Work task> Only the pictures are to be omitted; every entry beneath should otherwise be duplicated exactly.

Images for object localization:
****************************************

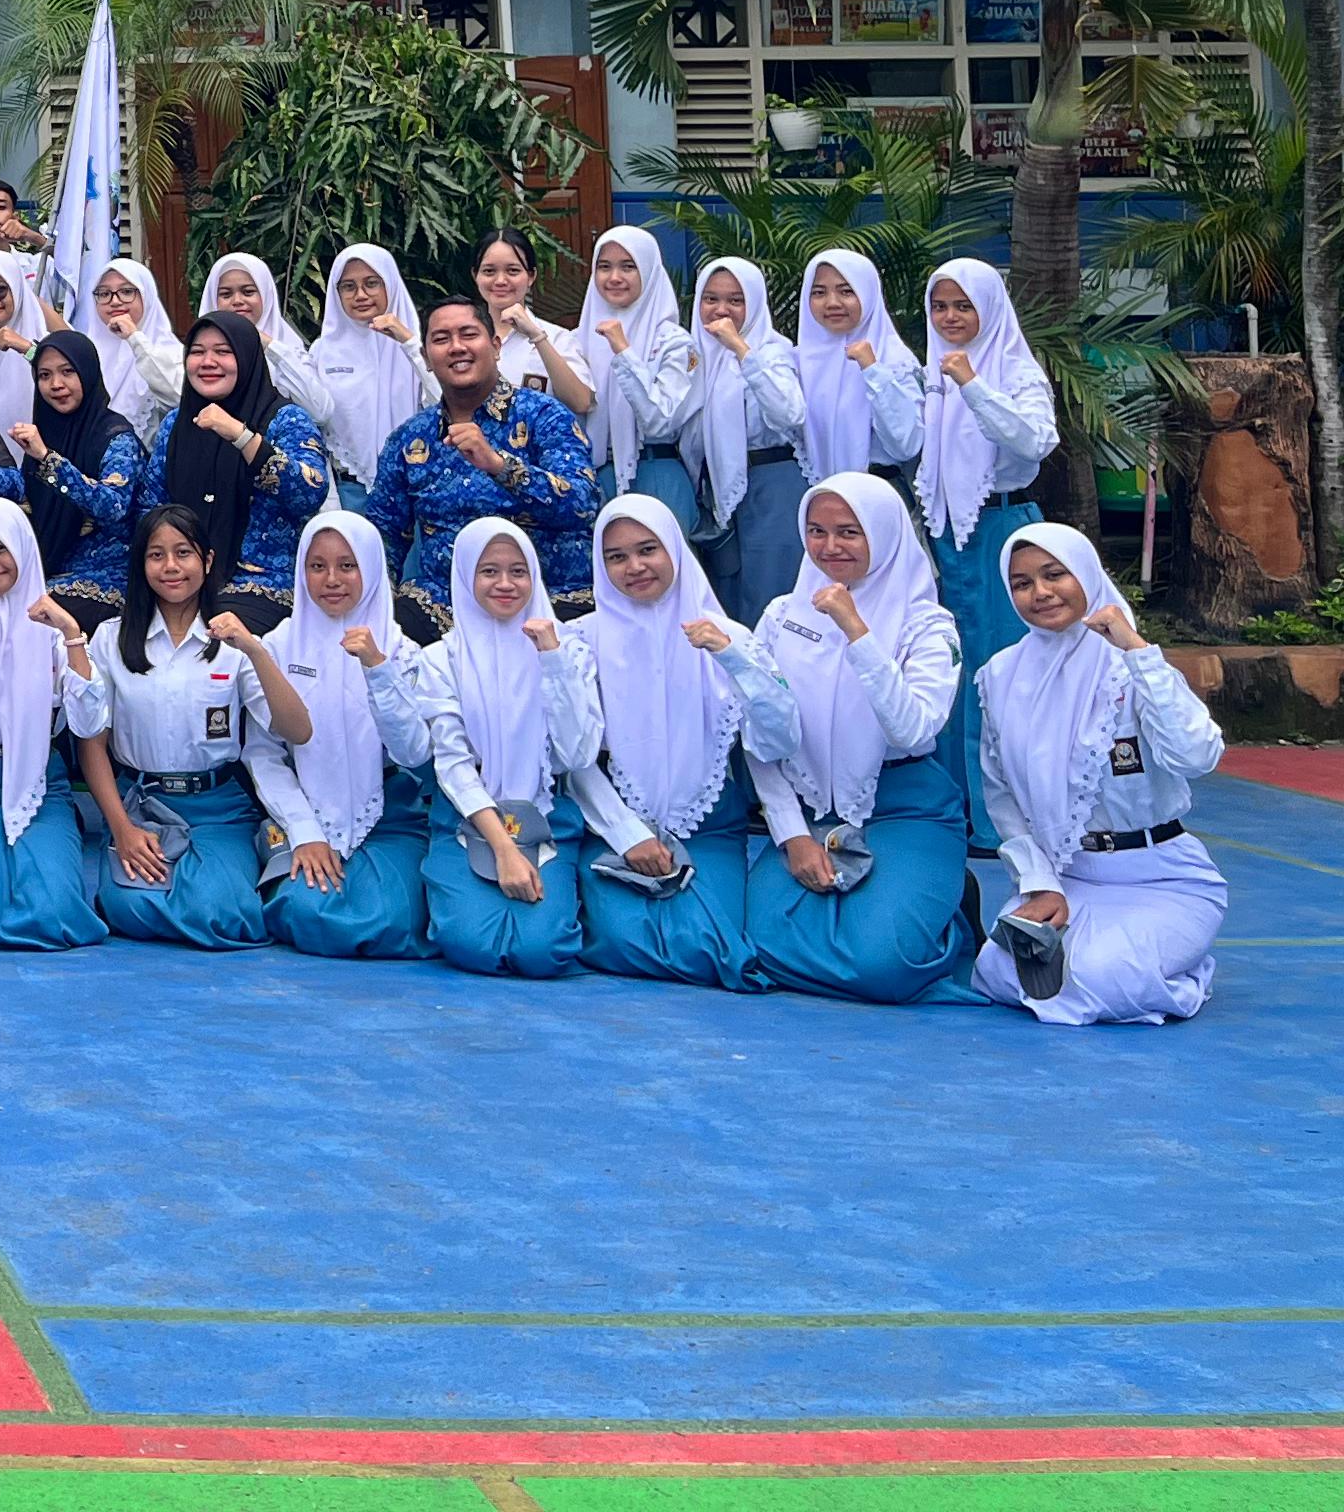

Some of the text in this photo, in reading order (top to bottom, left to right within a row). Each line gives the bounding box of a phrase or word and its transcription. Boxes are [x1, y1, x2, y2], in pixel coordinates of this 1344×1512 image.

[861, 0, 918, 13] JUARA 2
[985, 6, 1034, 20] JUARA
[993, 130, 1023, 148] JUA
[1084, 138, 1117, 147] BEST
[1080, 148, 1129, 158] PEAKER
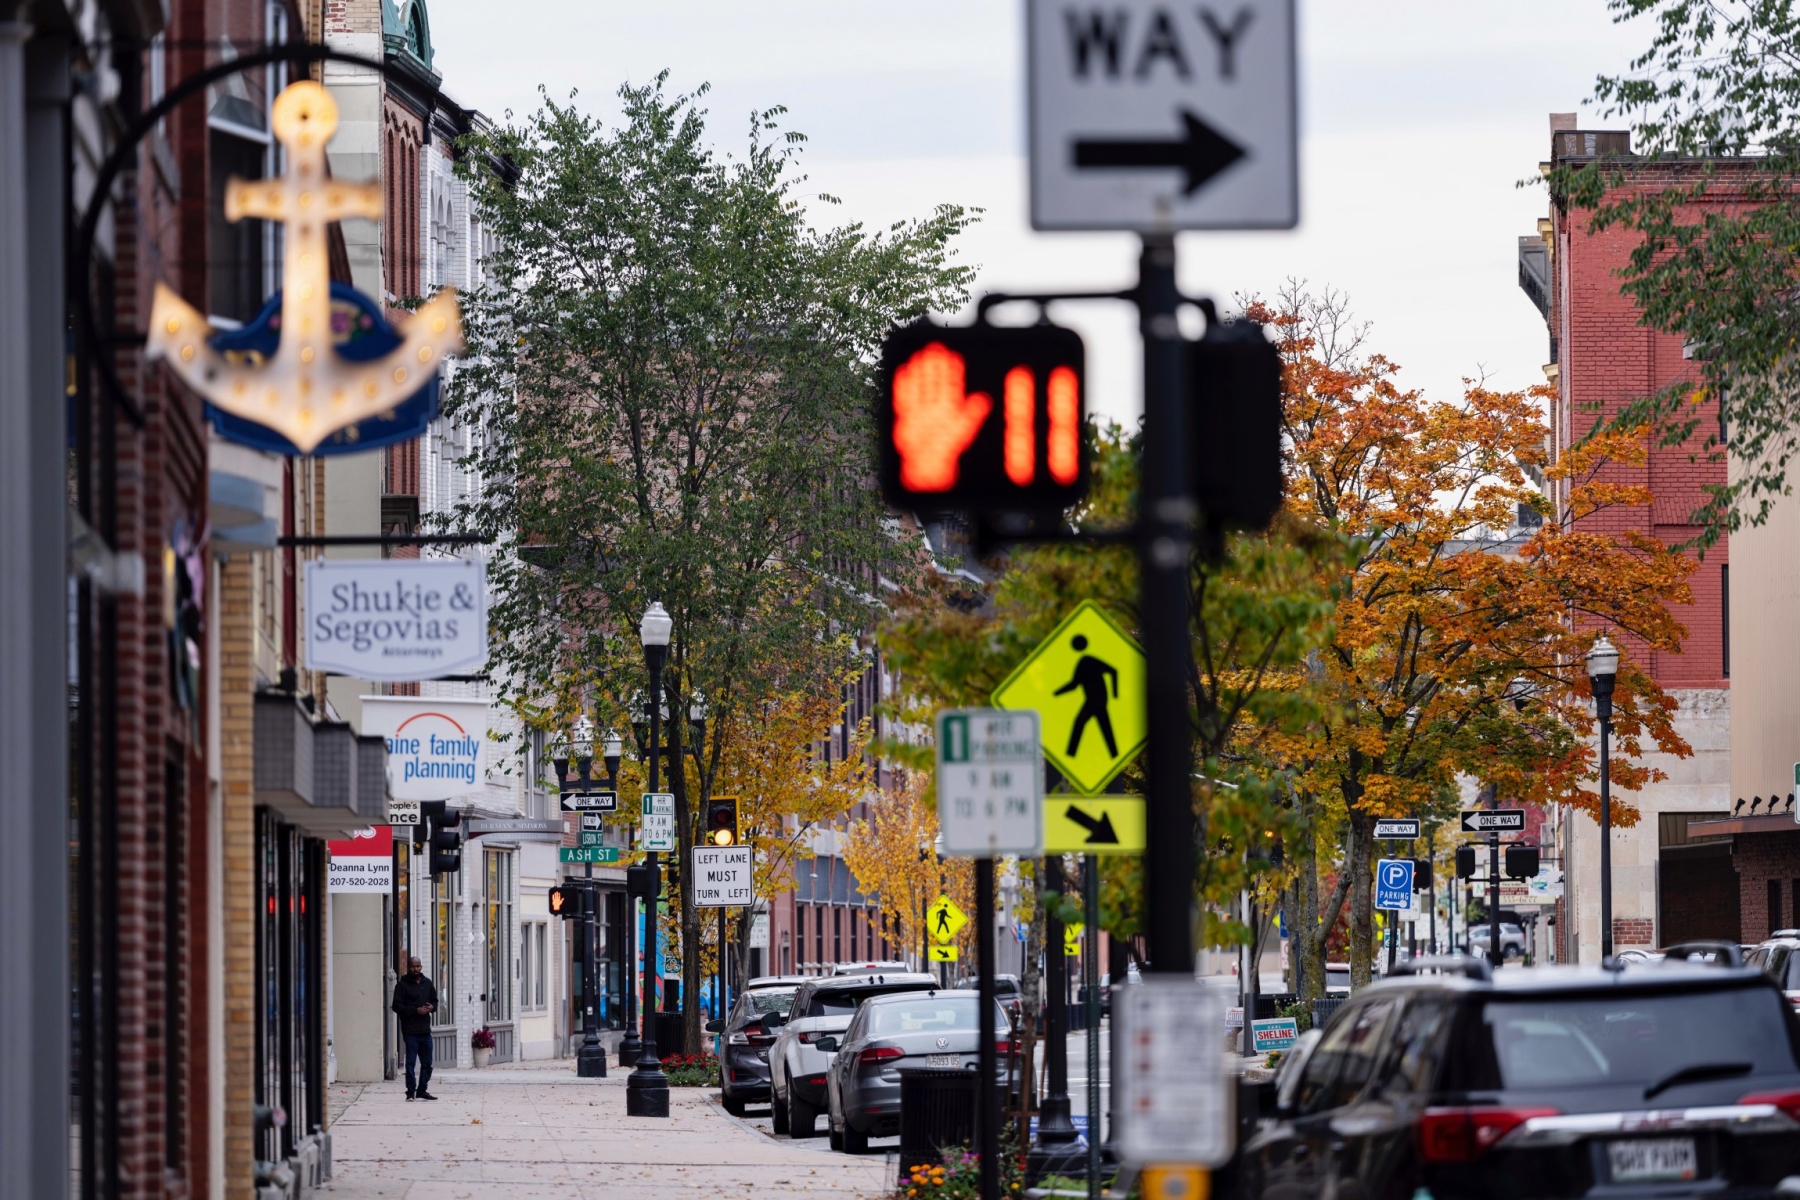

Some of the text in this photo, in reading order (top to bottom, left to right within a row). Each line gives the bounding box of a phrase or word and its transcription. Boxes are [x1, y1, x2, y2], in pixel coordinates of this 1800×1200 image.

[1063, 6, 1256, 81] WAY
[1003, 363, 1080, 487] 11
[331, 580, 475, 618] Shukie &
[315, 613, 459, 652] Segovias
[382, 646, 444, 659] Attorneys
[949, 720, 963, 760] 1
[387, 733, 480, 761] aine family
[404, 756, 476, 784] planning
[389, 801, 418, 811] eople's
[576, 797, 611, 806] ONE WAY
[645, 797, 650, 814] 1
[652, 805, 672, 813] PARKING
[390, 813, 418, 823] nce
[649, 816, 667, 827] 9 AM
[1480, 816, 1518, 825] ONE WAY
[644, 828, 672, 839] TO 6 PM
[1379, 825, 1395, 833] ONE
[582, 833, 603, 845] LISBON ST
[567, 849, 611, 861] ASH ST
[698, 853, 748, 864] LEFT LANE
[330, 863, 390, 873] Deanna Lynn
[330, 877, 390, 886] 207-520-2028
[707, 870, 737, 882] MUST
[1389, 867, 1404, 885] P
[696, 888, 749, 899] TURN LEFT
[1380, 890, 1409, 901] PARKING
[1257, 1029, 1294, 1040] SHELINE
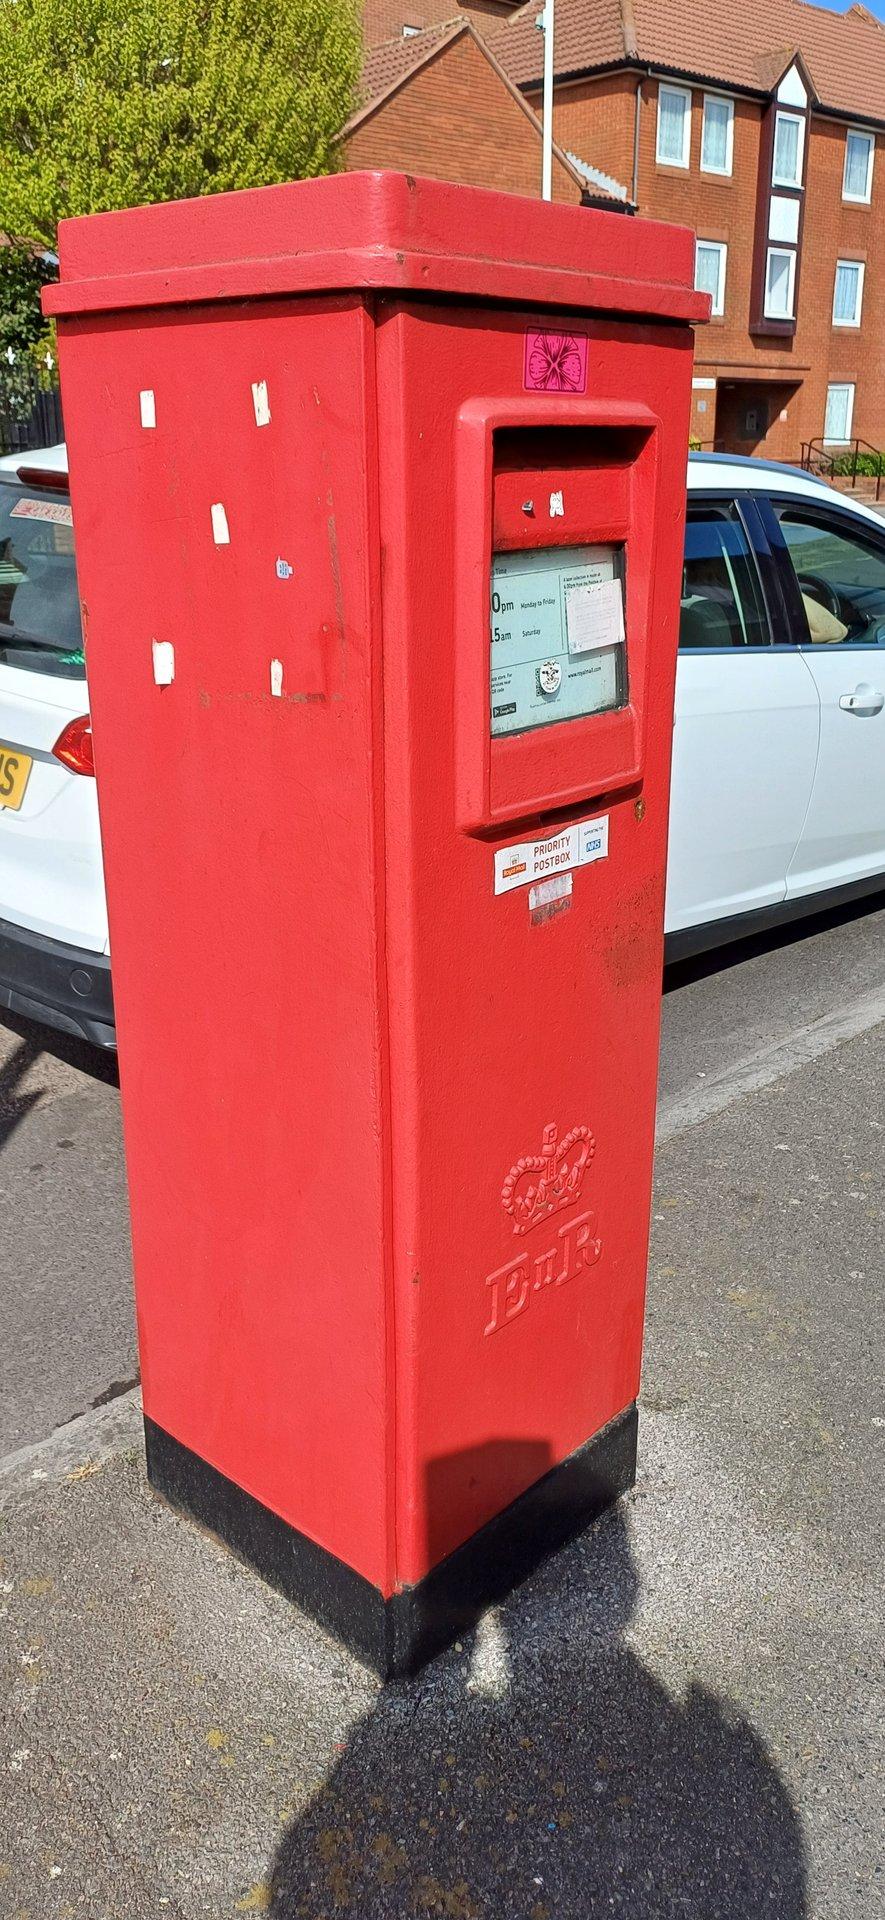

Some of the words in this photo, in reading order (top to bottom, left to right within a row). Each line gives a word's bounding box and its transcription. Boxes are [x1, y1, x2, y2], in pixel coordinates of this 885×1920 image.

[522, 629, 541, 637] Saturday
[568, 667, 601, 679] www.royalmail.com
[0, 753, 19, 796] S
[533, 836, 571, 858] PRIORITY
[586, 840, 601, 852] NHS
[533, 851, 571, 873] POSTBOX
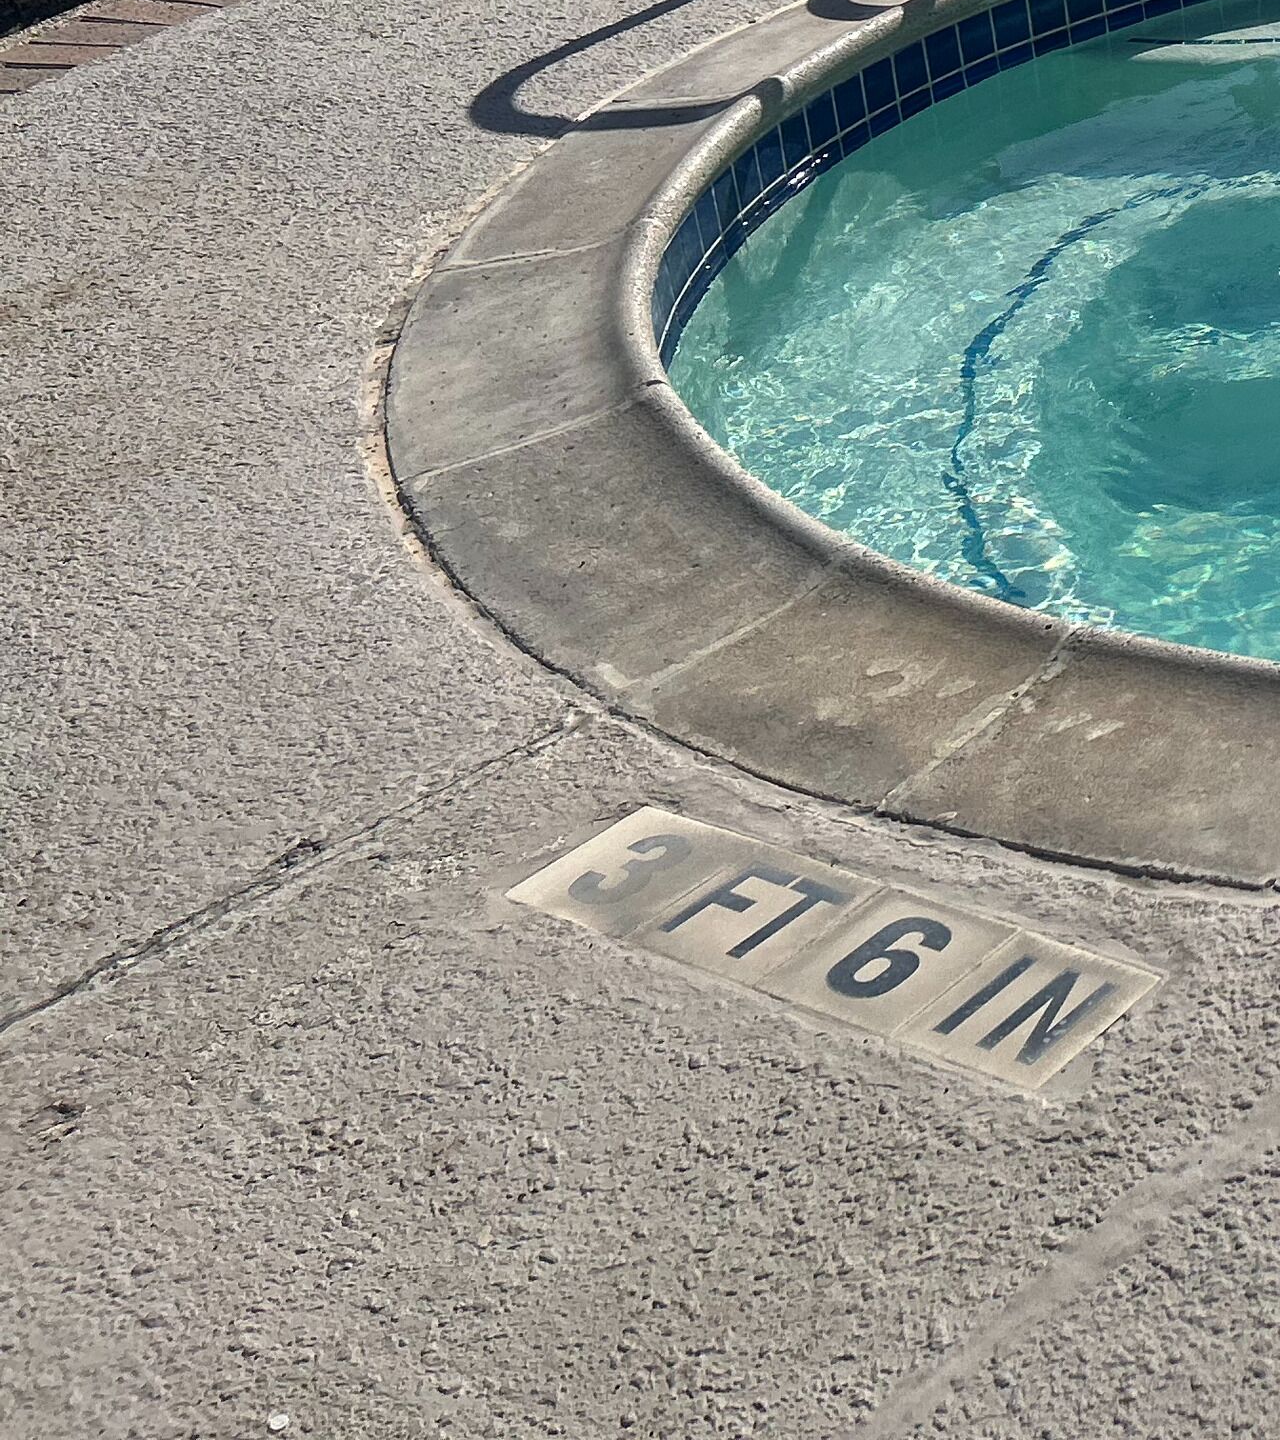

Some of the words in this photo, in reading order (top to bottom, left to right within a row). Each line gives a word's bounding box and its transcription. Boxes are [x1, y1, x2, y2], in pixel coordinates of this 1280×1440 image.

****************************************

Your response>
Some of the text in this photo, in reading order (top to bottom, left to right within a row). Each line gives the bounding box of a phrase or word and its transcription. Boxes are [x1, y1, x2, y2], in pixel coordinates of this 1344×1512 image.

[861, 0, 918, 13] JUARA 2
[985, 6, 1034, 20] JUARA
[993, 130, 1023, 148] JUA
[1084, 138, 1117, 147] BEST
[1080, 148, 1129, 158] PEAKER

Some of the text in this photo, in reading order (top to bottom, left to right within a row). Each line gives the bounding box of a phrase or word and its transcription. Boxes are [x1, y1, x2, y2], in pixel coordinates of this 1800×1200 image.

[1063, 6, 1256, 81] WAY
[1003, 363, 1080, 487] 11
[331, 580, 475, 618] Shukie &
[315, 613, 459, 652] Segovias
[382, 646, 444, 659] Attorneys
[949, 720, 963, 760] 1
[387, 733, 480, 761] aine family
[404, 756, 476, 784] planning
[389, 801, 418, 811] eople's
[576, 797, 611, 806] ONE WAY
[645, 797, 650, 814] 1
[652, 805, 672, 813] PARKING
[390, 813, 418, 823] nce
[649, 816, 667, 827] 9 AM
[1480, 816, 1518, 825] ONE WAY
[644, 828, 672, 839] TO 6 PM
[1379, 825, 1395, 833] ONE
[582, 833, 603, 845] LISBON ST
[567, 849, 611, 861] ASH ST
[698, 853, 748, 864] LEFT LANE
[330, 863, 390, 873] Deanna Lynn
[330, 877, 390, 886] 207-520-2028
[707, 870, 737, 882] MUST
[1389, 867, 1404, 885] P
[696, 888, 749, 899] TURN LEFT
[1380, 890, 1409, 901] PARKING
[1257, 1029, 1294, 1040] SHELINE

Some of the words in this photo, in reading order (top to bottom, left to right within a row). Each line gives a word's bounding box and its transcription. Boxes are [x1, y1, x2, y2], in pixel coordinates of this 885×1920 image.

[522, 629, 541, 637] Saturday
[568, 667, 601, 679] www.royalmail.com
[0, 753, 19, 796] S
[533, 836, 571, 858] PRIORITY
[586, 840, 601, 852] NHS
[533, 851, 571, 873] POSTBOX

Some of the words in this photo, in reading order (top to bottom, left to right within a row). Each line gives a word's bounding box and its transcription. Boxes are [x1, y1, x2, y2], in pixel coordinates of this 1280×1440 image.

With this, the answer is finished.